"Dan minimal 2/3 dari jumlah itu menyetujuinya (UU MD3, pasal 210 ayat 1 dan 3).
Bila keputusannya disetujui, kata dia, maka wajib dibentuk Panitia Khusus (Pansus) yang anggotanya terdiri dari semua unsur fraksi di DPR (UU MD3, pasal 212 ayat 2).
"Setelah Pansus bekerja selama paling lama 60 hari, hasilnya kemudian dilaporkan dalam rapat paripurna DPR," ucap Hasanuddin.
Ia menegaskan, keputusan DPR atas laporan Pansus dianggap sah bila anggota yang hadir minimal 2/3 dari jumlah seluruh anggota DPR.
Dan, disetujui oleh 2/3 anggota yang hadir (UU MD3, Pasal 213 ayat 1 dan Pasal 214 ayat 4) .
Persetujuan DPR ini selanjutnya dilaporkan ke Mahkamah Konstitusi (MK), disertai bukti dan dokumentasi pelengkapnya.
"MK kemudian bersidang."
Baca: Jokowi dan Menkominfo Divonis Bersalah, Ini Tanggapan Stafsus Presiden dan Johnny G Plate
"Dan bila MK menyatakan terbukti, maka DPR menyelenggarakan rapat paripurna untuk meneruskan usul pemberhentian Presiden dan/atau Wakil Presiden kepada MPR (UU MD3, Pasal 215 ayat 1)," jelasnya.
Setelah itu, MPR lalu melakukan sidang paripurna untuk memutuskan usul pemberhentian Presiden dan/atau Wakil Presiden oleh DPR.
Hasanuddin mengatakan, keputusan MPR terhadap pemberhentian tersebut dinyatakan sah apabila diambil dalam sidang paripurna MPR yang dihadiri paling sedikit 3/4 dari jumlah anggota.
Dan, disetujui oleh paling sedikit 2/3 dari jumlah anggota yang hadir (UU MD3, pasal 38 ayat 3).
"Melihat komposisi koalisi fraksi-fraksi pendukung Presiden di DPR, rasanya seperti mimpi di siang bolong kalau kemudian ada yang bercita-cita melengserkan Presiden pilihan rakyat," paparnya.
Bila kemudian ada aspirasi menurunkan Presiden lewat aksi anarkis di jalanan, Hasanuddin menegaskan hal tersebut melanggar UU, bahkan dapat dikenakan tindakan pidana makar.
"Inilah demokrasi yang kita sepakati dan menjadi kesepakatan nasional."
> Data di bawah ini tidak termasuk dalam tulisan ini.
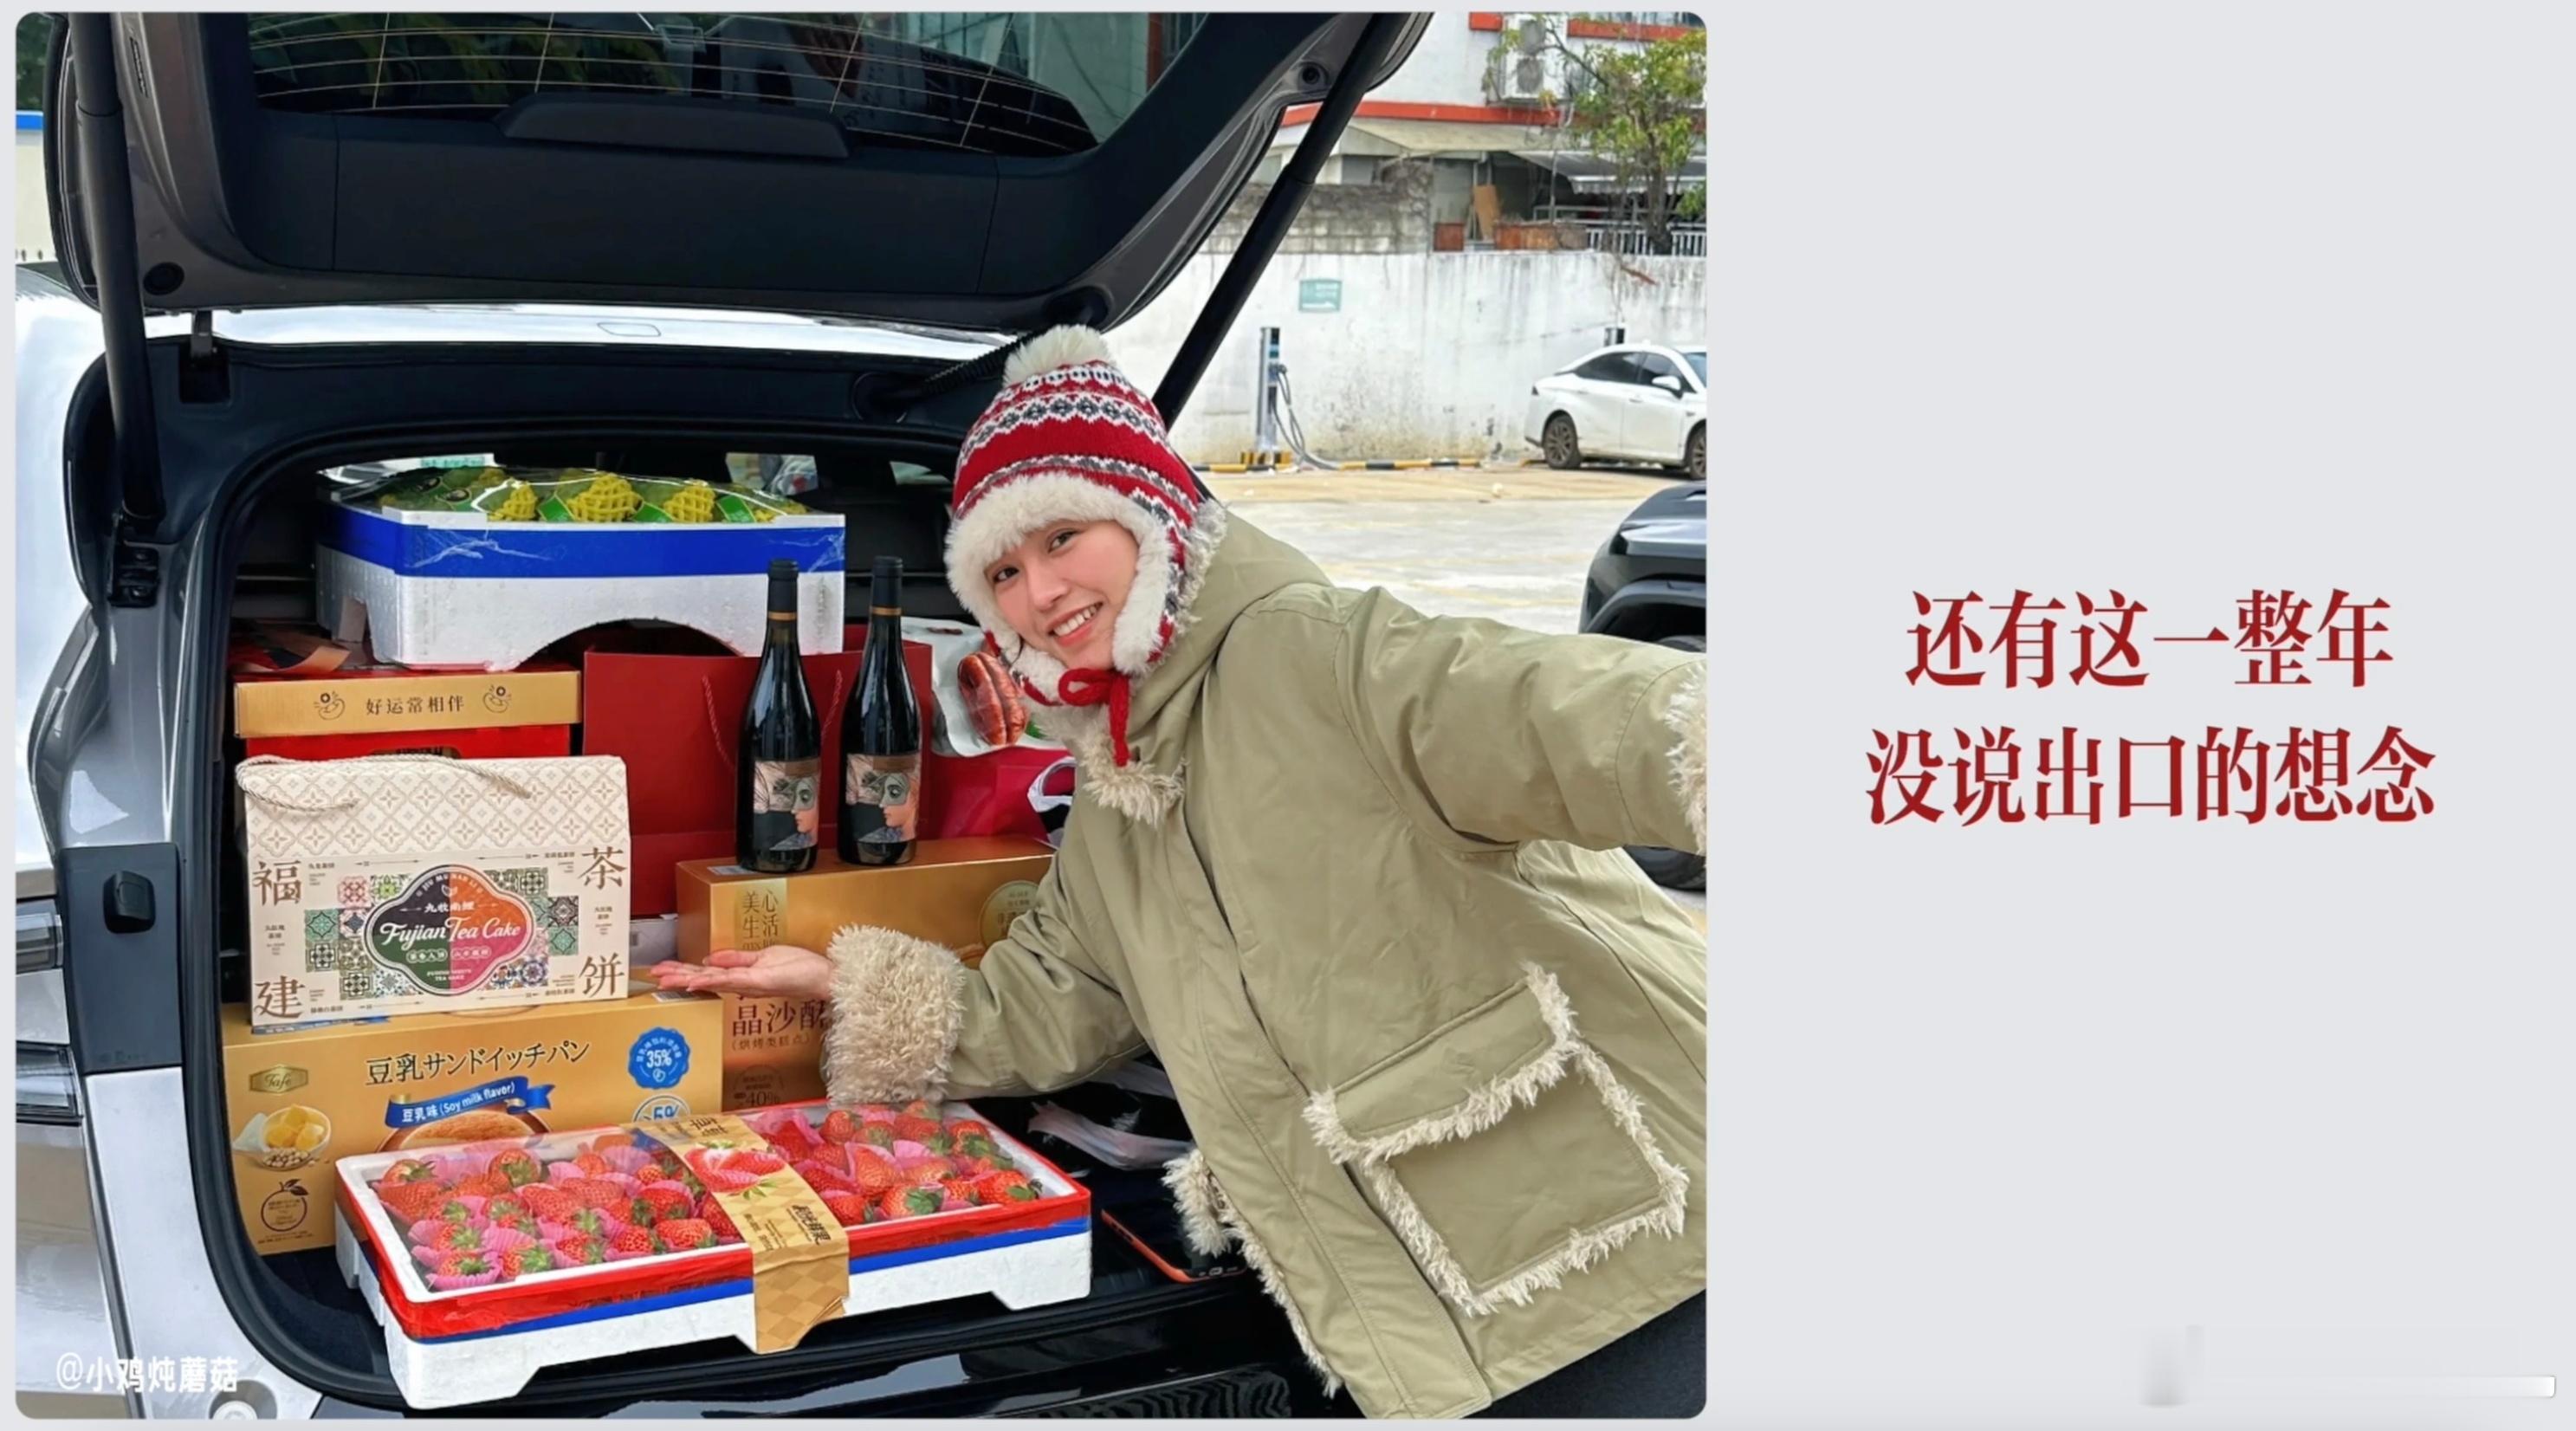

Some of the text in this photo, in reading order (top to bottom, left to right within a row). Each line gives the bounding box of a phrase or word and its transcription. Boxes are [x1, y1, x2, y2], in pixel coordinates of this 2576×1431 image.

[366, 696, 464, 715] 好运常相伴
[253, 859, 301, 906] 福
[578, 846, 627, 890] 茶
[379, 916, 521, 950] Fujian Tea Cake
[254, 975, 305, 1019] 建
[579, 953, 625, 998] 饼
[365, 1039, 591, 1086] 豆乳サンドイッチパン
[646, 1048, 673, 1068] 35%
[401, 1104, 438, 1123] 豆乳味
[462, 1093, 483, 1110] milk
[483, 1081, 515, 1100] flavor)
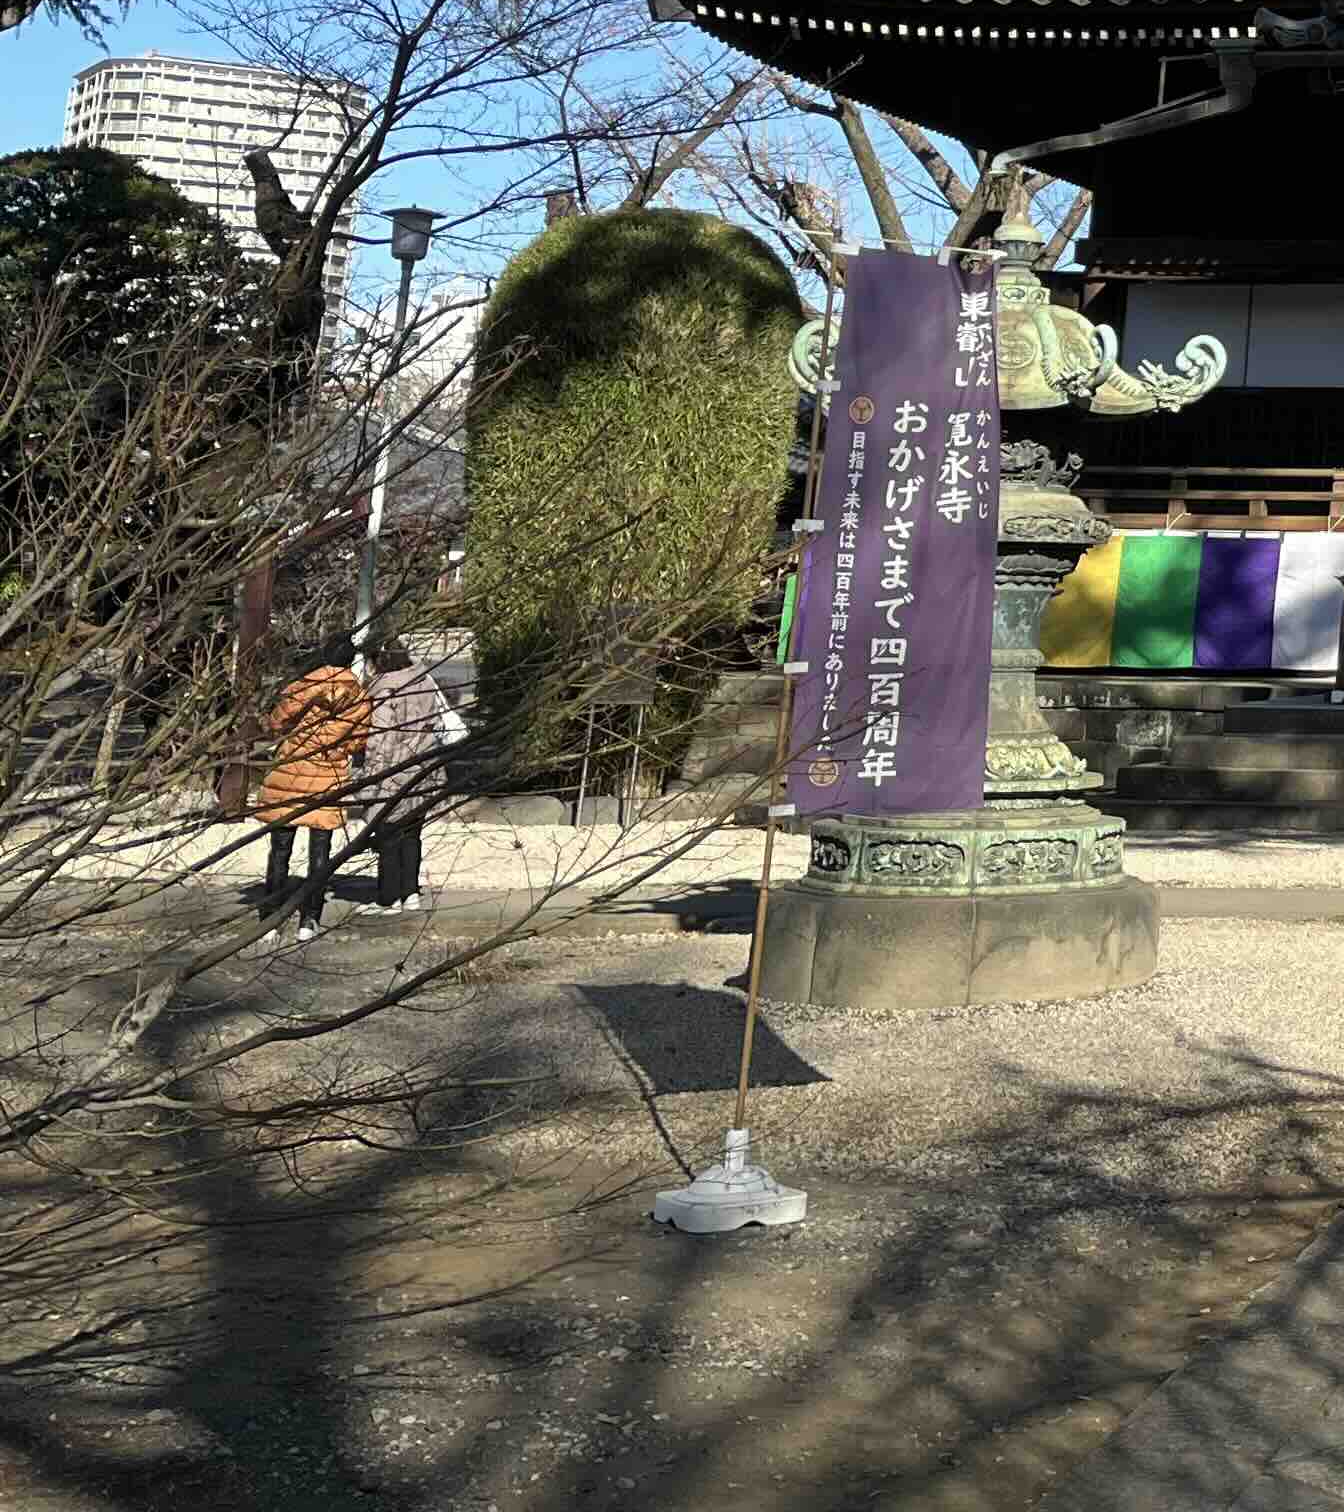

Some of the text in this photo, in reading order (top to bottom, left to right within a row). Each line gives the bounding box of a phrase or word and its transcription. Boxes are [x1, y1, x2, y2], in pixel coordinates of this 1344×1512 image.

[976, 410, 992, 519] かんえいじ
[857, 400, 928, 787] おかげさまで四百周年
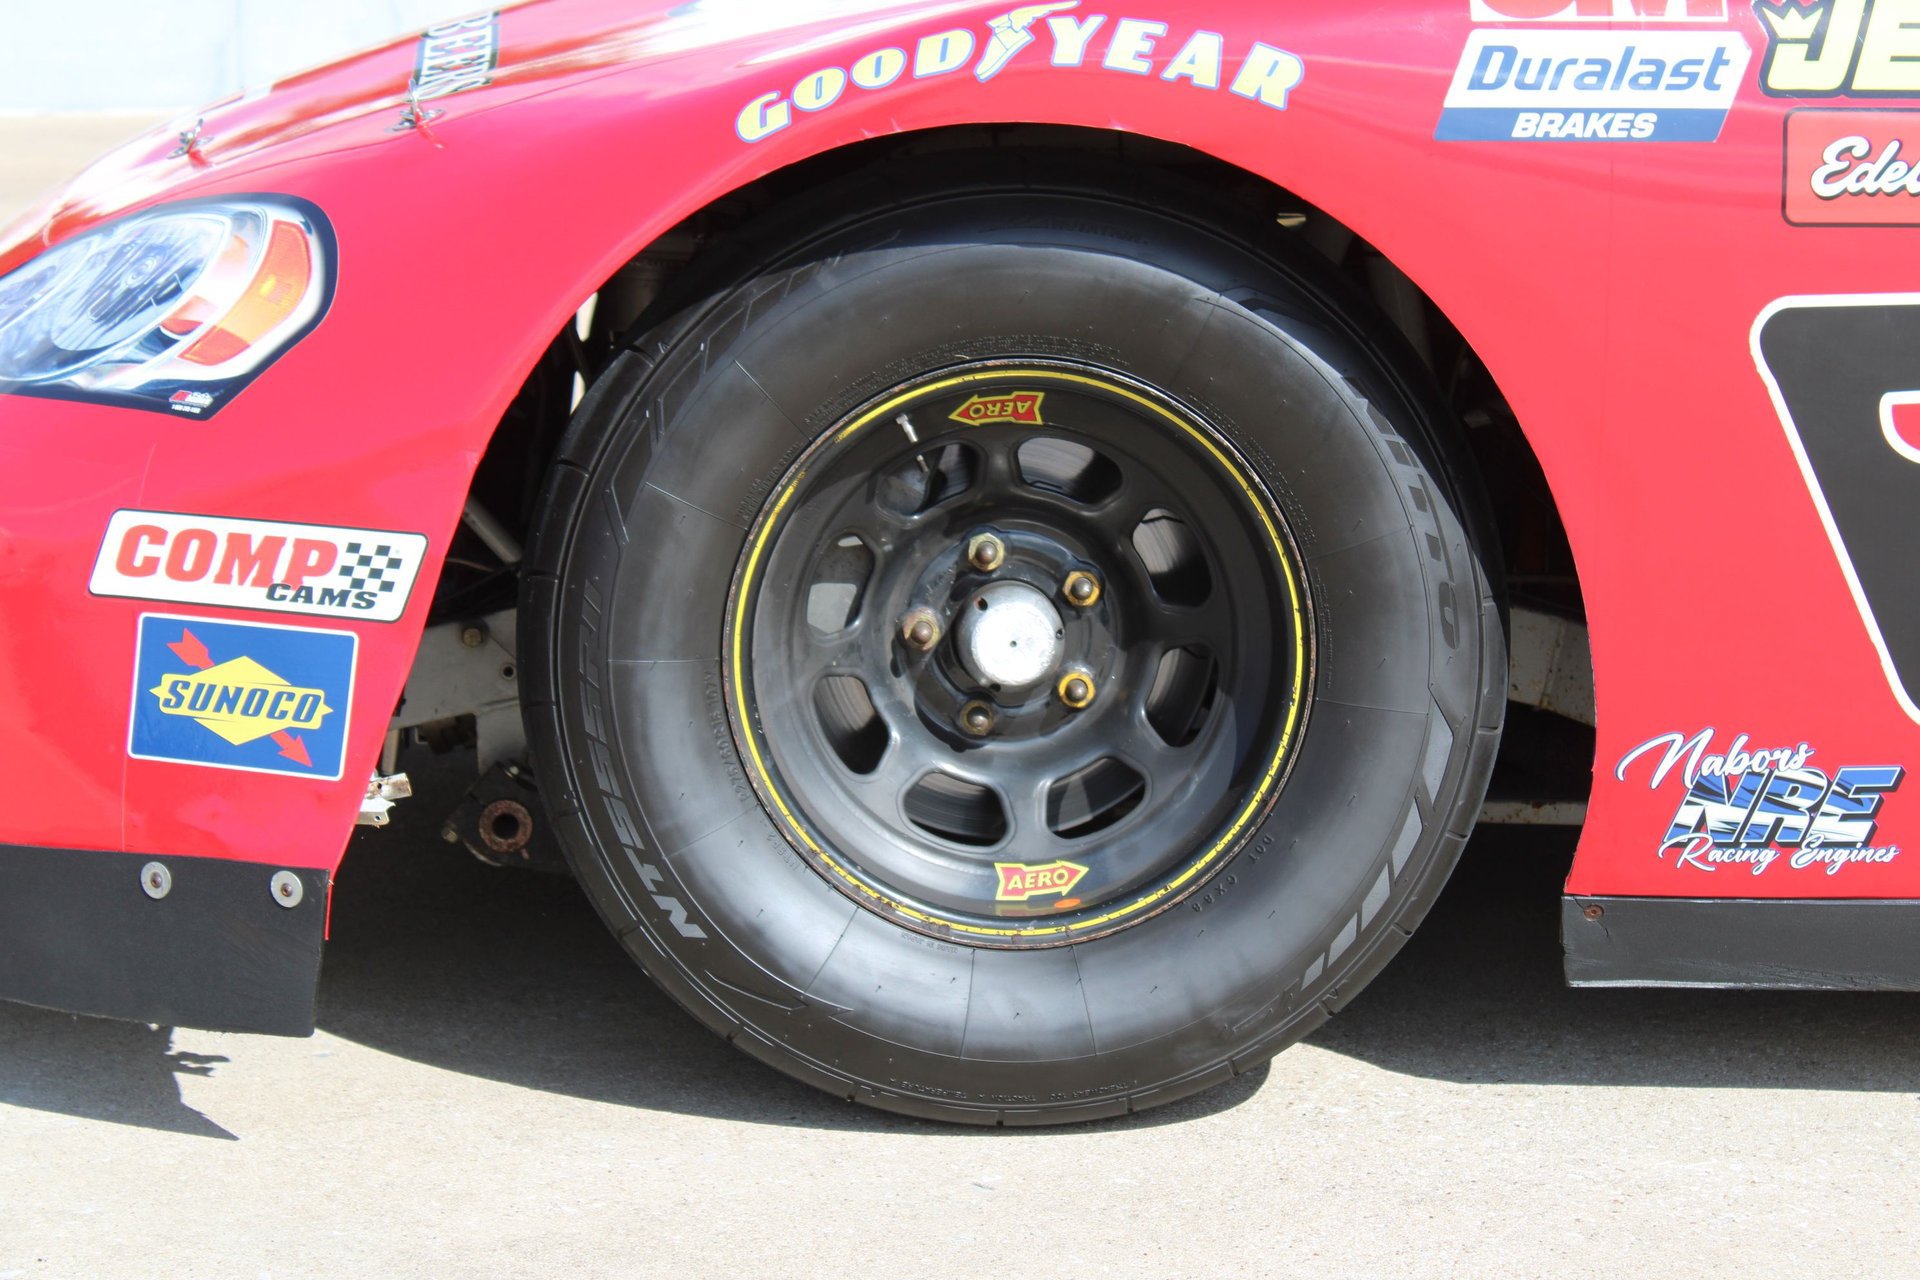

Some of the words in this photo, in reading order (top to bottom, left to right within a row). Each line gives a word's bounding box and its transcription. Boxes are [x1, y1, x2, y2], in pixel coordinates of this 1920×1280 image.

[1466, 45, 1730, 91] Duralast
[1511, 112, 1658, 139] BRAKES
[970, 399, 1029, 419] AERO
[115, 524, 339, 589] COMP
[265, 582, 378, 610] CAMS
[162, 680, 323, 723] SUNOCO
[1616, 728, 1814, 790] Nabors
[1663, 765, 1906, 847] NRE
[1247, 834, 1274, 865] DOT
[1658, 832, 1780, 876] Racing
[1790, 834, 1900, 876] Engines
[1007, 868, 1069, 890] AERO
"Diskusi ilmiah dengan norma akademis mengenai pemakzulan boleh-boleh saja, karena dijamin menurut undang-undang."
"Tapi kalau aksi anarkis minta Presiden diturunkan di jalanan, itu telah melanggar ketentuan," bebernya.
Sebelumnya, mahasiswa yang tergabung dalam kelompok Constitutional Law Society (CLS) mengadakan diskusi bertema 'Persoalan Pemecatan Presiden di tengah Pandemi Ditinjau dari Sistem Ketatanegaraan'.
Namun, diskusi yang semula dijadwalkan diselenggarakan pada Jumat 29 Mei di Universitas Gadjah Mada itu, dibatalkan.
Pembatalan itu karena dari pembicara hingga moderator mendapat ancaman dari sejumlah orang.
Berbagai teror dan ancaman dialami pembicara, moderator, narahubung, serta ketua komunitas 'Constitutional Law Society' (CLS).